What to do -
Without the pictures, output the records below exactly as they are.

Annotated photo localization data
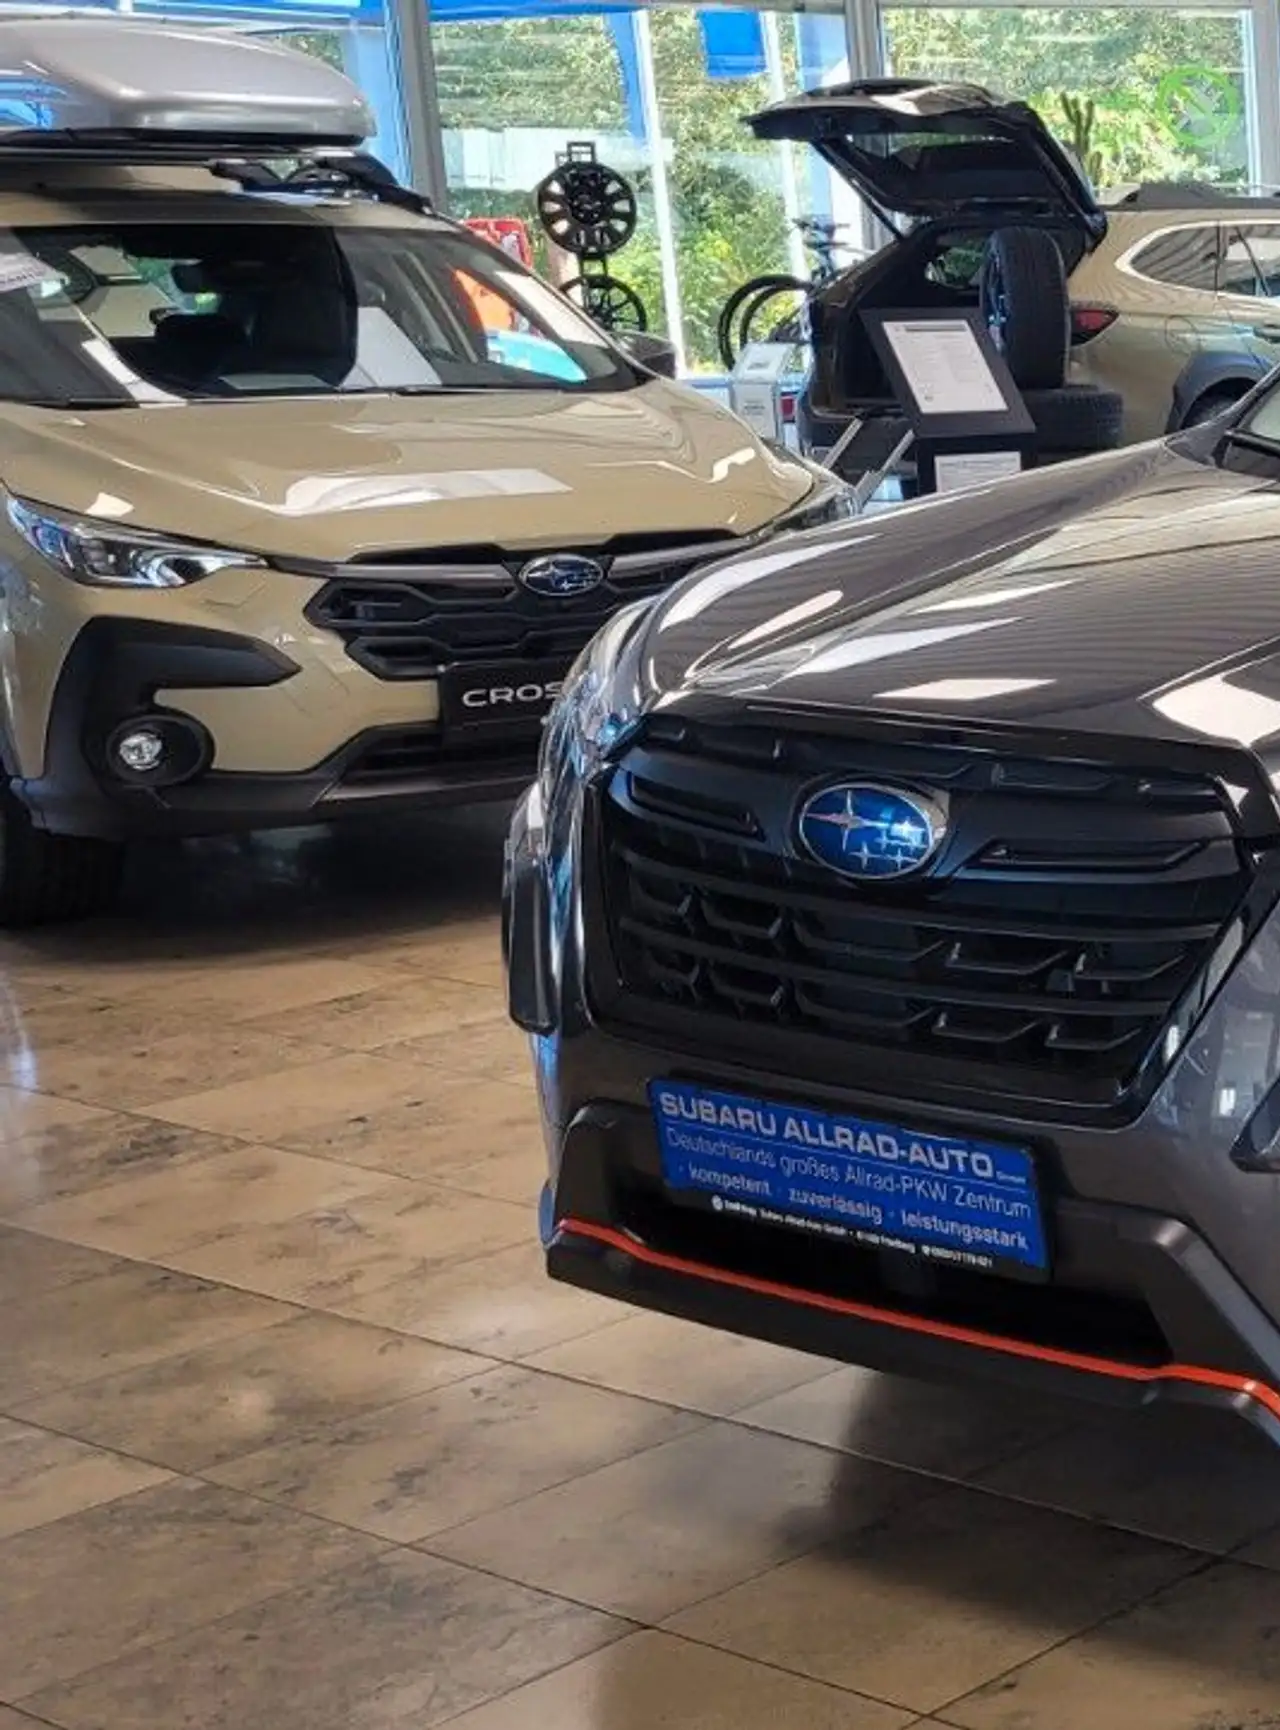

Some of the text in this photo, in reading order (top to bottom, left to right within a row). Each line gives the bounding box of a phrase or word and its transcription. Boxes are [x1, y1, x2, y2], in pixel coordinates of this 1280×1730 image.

[659, 1092, 994, 1179] SUBARU ALLRAD-AUTO
[666, 1126, 1032, 1218] Deutschlands großes Allrad-PKW Zentrum
[688, 1160, 773, 1196] kompetent
[901, 1208, 1030, 1251] leistungsstark

Answer box -
Some of the text in this photo, in reading order (top to bottom, left to right within a row). Each line gives the bounding box of a phrase or word and its transcription. Boxes are [x1, y1, x2, y2], in pixel coordinates of this 1280×1730 image.

[659, 1092, 994, 1179] SUBARU ALLRAD-AUTO
[666, 1126, 1032, 1218] Deutschlands großes Allrad-PKW Zentrum
[688, 1160, 773, 1196] kompetent
[901, 1208, 1030, 1251] leistungsstark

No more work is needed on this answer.